**Your goal**:
Word for word, set down the records and skip each picture.

Saved data entries
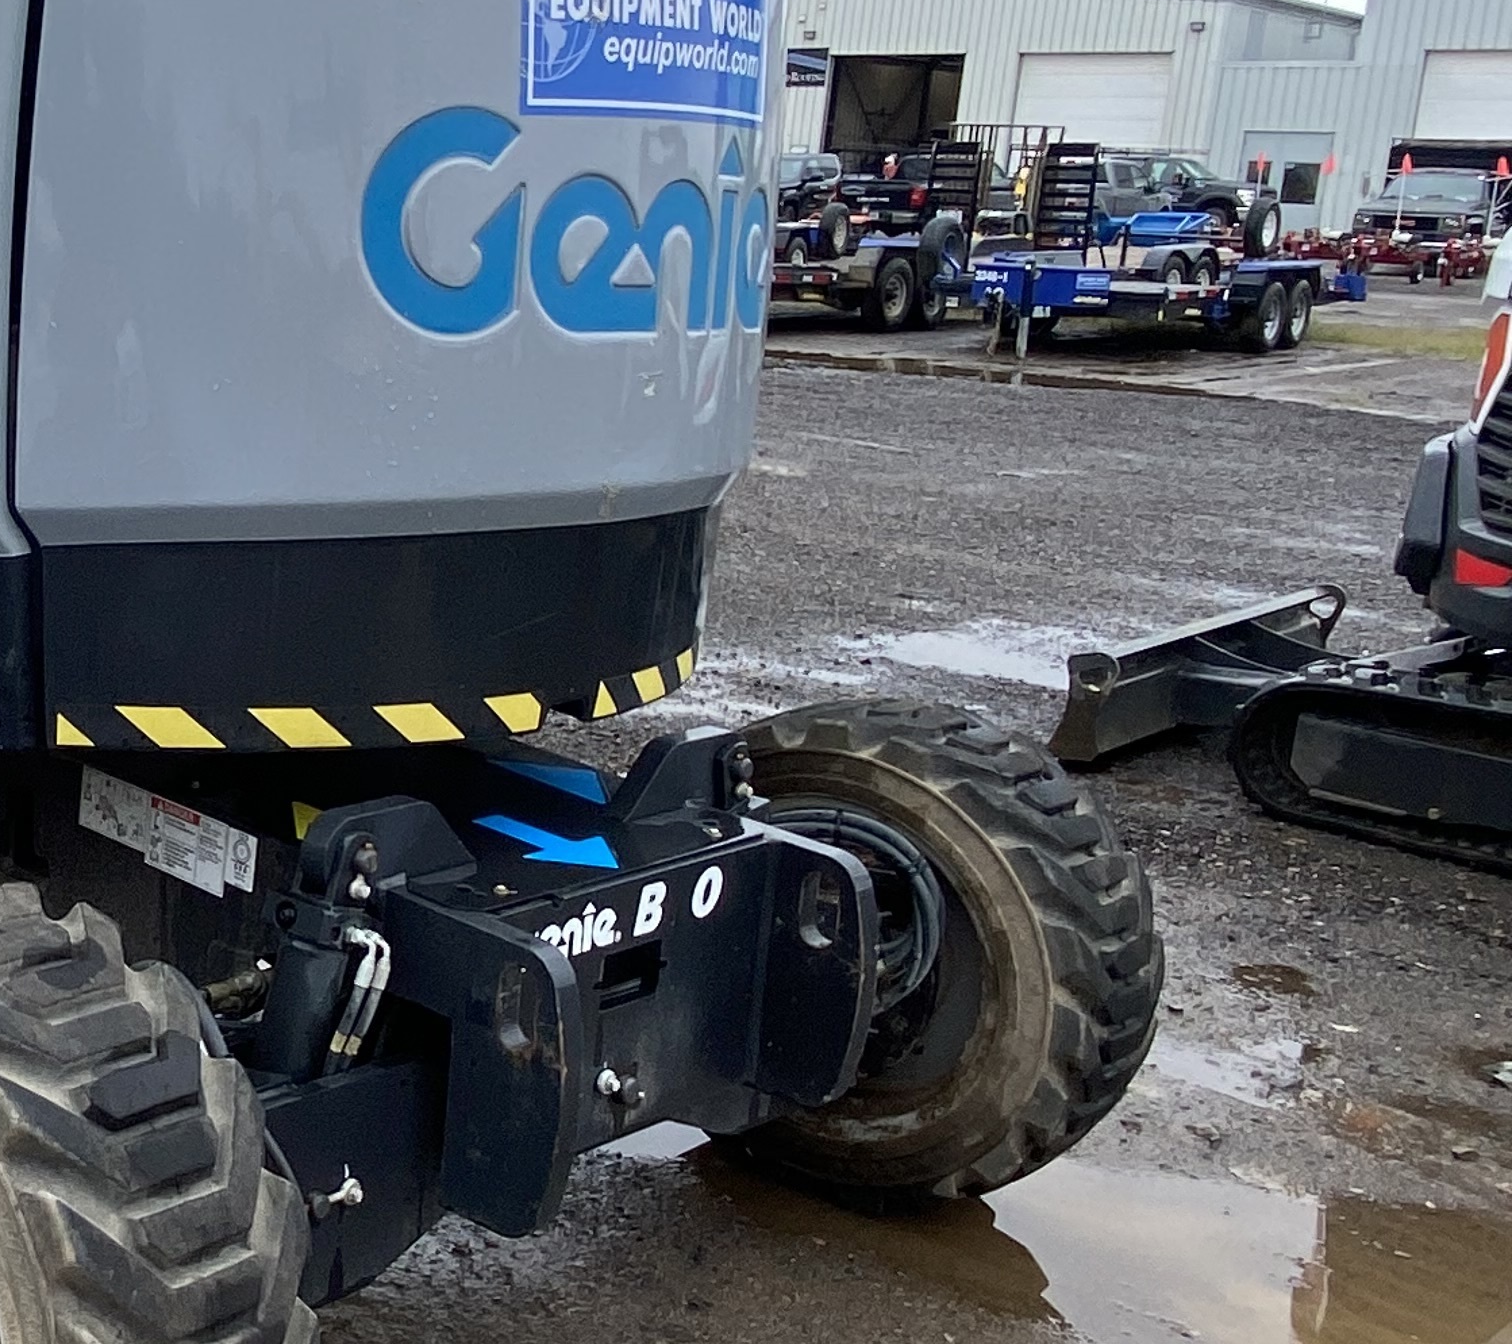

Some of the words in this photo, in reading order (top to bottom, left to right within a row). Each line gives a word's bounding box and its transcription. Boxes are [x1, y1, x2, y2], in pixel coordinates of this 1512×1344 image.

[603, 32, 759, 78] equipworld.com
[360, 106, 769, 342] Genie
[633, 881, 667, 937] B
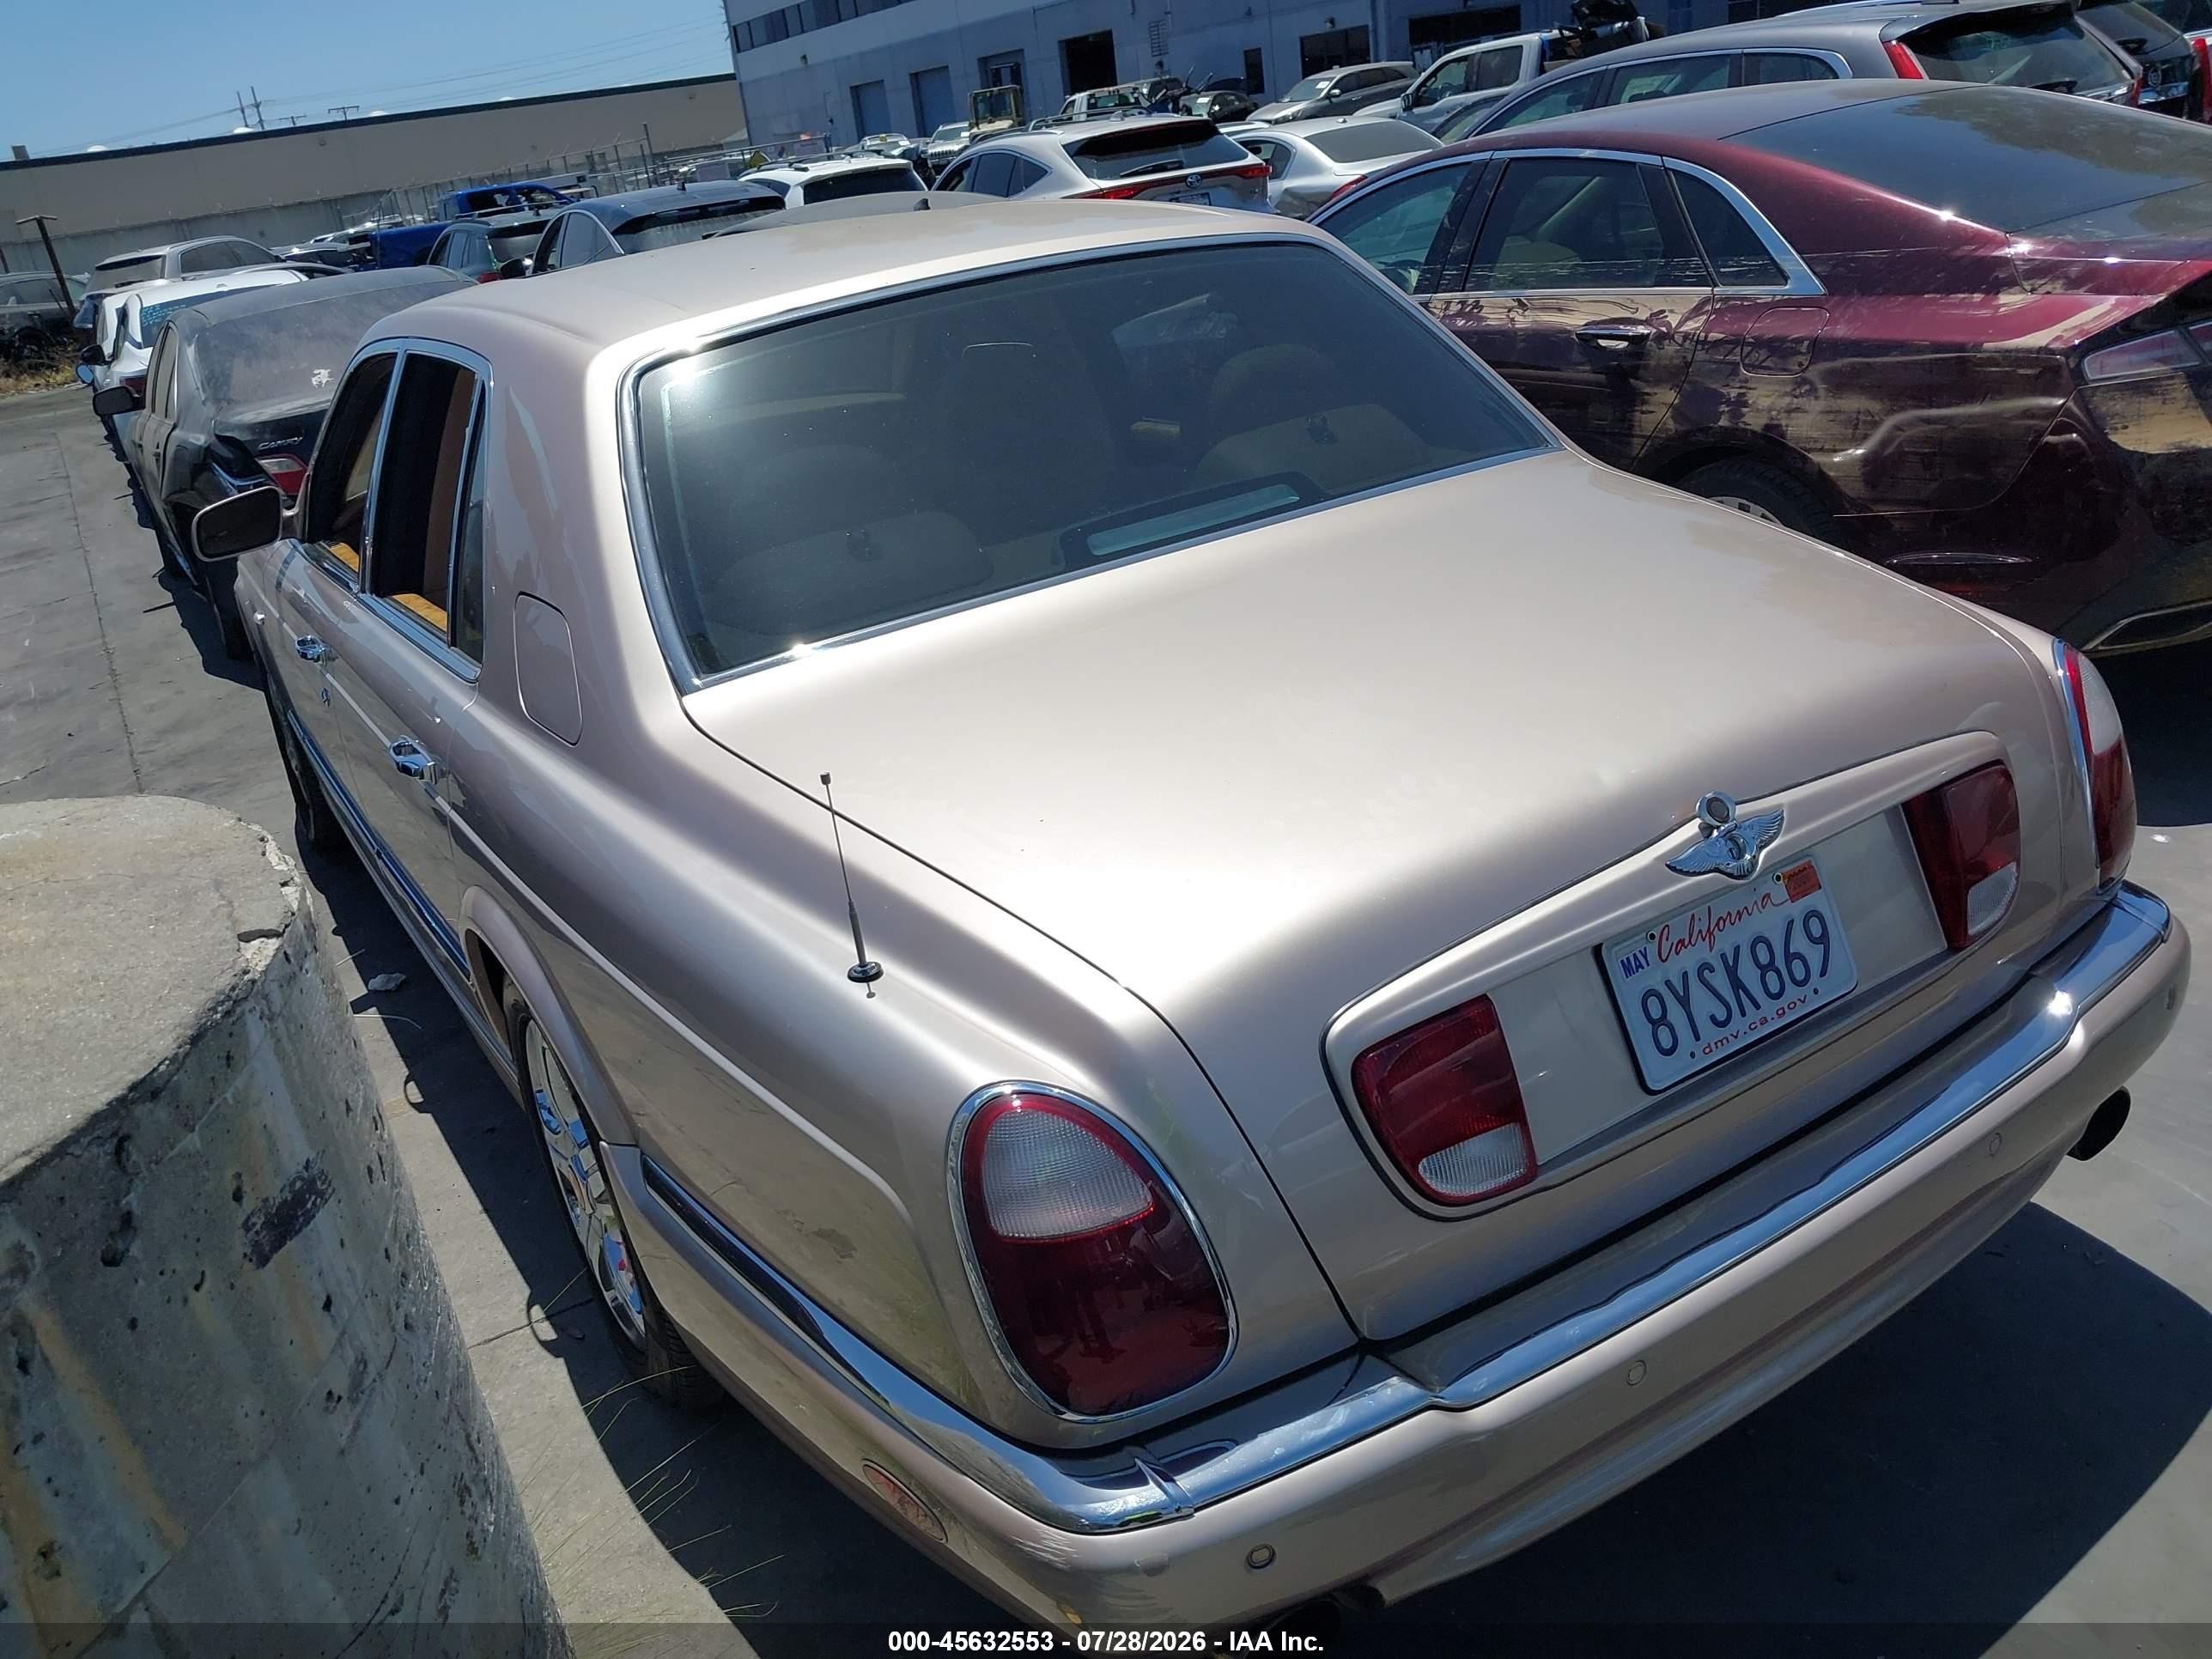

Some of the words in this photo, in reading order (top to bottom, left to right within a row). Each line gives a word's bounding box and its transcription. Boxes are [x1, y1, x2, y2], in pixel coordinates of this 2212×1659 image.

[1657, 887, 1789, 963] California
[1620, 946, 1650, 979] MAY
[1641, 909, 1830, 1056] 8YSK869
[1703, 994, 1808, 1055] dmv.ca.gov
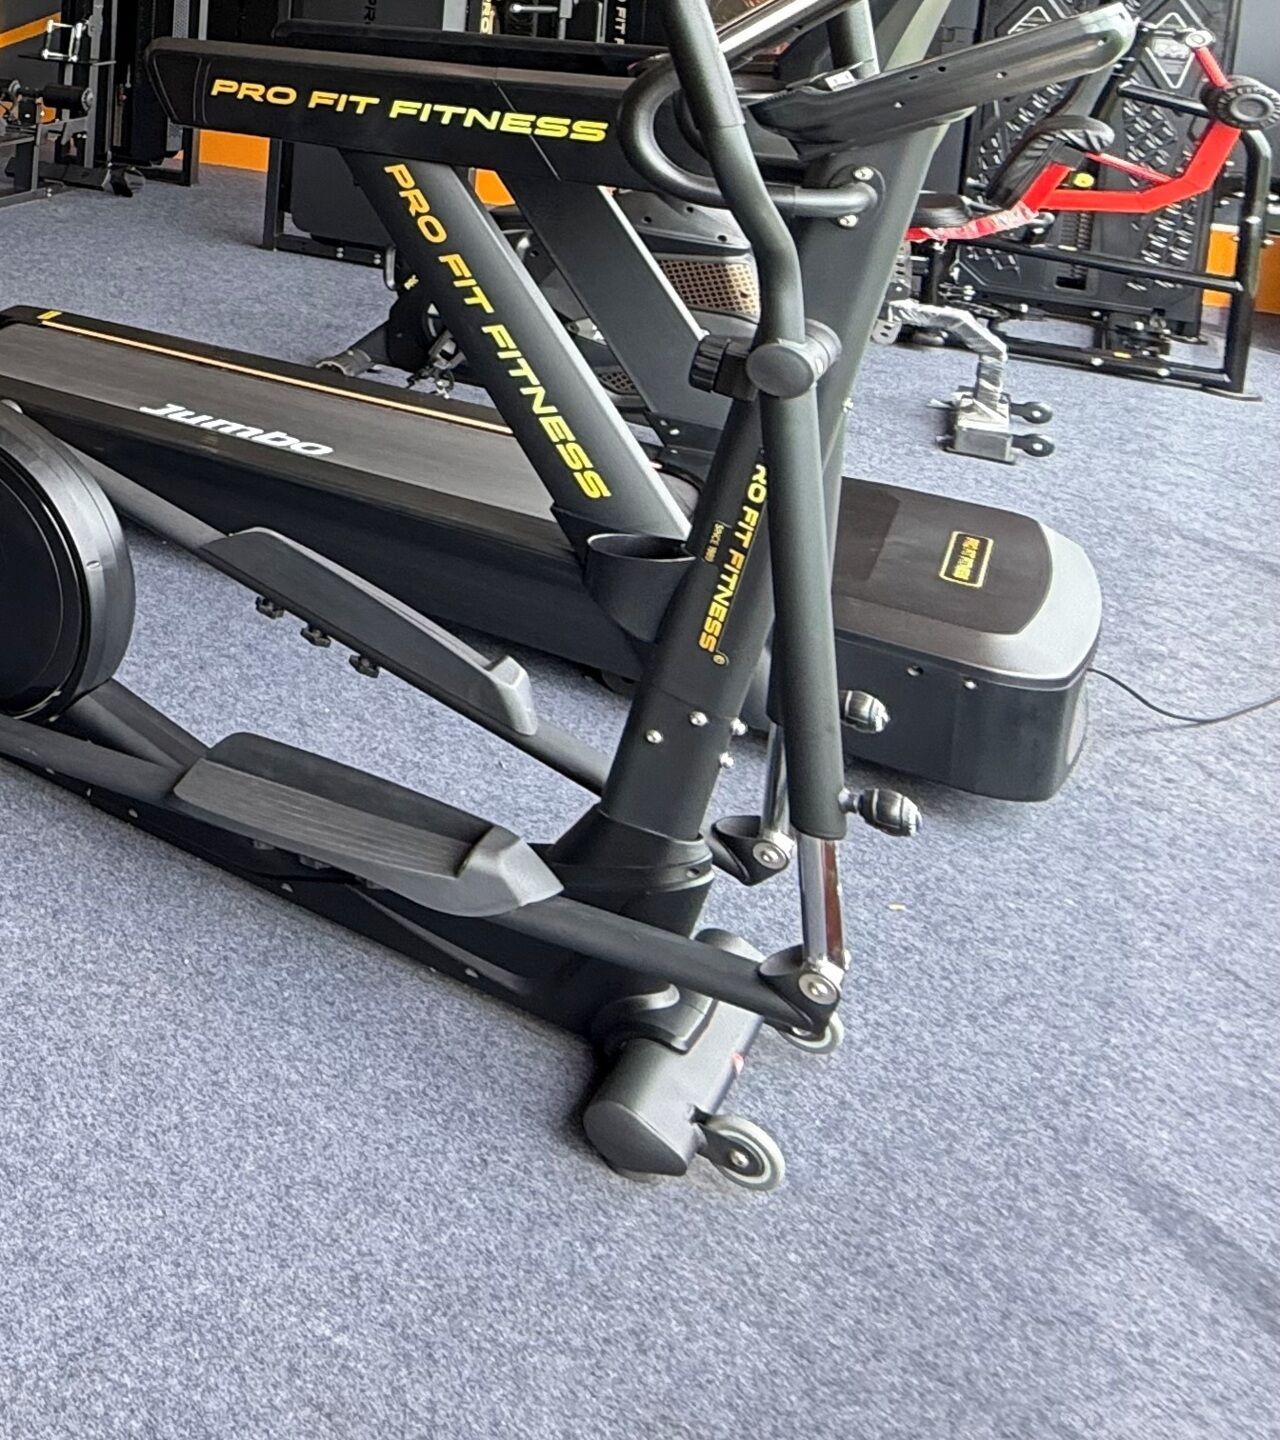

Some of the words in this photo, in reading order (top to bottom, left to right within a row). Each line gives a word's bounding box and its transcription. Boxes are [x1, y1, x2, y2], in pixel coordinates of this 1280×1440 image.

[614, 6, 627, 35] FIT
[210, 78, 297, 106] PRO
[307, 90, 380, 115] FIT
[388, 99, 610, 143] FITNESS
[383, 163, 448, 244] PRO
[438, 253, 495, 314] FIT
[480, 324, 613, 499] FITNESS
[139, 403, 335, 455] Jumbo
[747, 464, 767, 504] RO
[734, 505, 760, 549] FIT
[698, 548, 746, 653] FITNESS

**Task answer**:
Some of the words in this photo, in reading order (top to bottom, left to right within a row). Each line gives a word's bounding box and its transcription. Boxes are [x1, y1, x2, y2], in pixel coordinates of this 1512×1344 image.

[603, 32, 759, 78] equipworld.com
[360, 106, 769, 342] Genie
[633, 881, 667, 937] B

Some of the words in this photo, in reading order (top to bottom, left to right within a row). Each line gives a word's bounding box and its transcription. Boxes are [x1, y1, x2, y2], in pixel coordinates of this 2212×1659 image.

[1657, 887, 1789, 963] California
[1620, 946, 1650, 979] MAY
[1641, 909, 1830, 1056] 8YSK869
[1703, 994, 1808, 1055] dmv.ca.gov

Some of the words in this photo, in reading order (top to bottom, left to right within a row). Each line gives a word's bounding box and its transcription. Boxes are [x1, y1, x2, y2], in pixel coordinates of this 1280×1440 image.

[614, 6, 627, 35] FIT
[210, 78, 297, 106] PRO
[307, 90, 380, 115] FIT
[388, 99, 610, 143] FITNESS
[383, 163, 448, 244] PRO
[438, 253, 495, 314] FIT
[480, 324, 613, 499] FITNESS
[139, 403, 335, 455] Jumbo
[747, 464, 767, 504] RO
[734, 505, 760, 549] FIT
[698, 548, 746, 653] FITNESS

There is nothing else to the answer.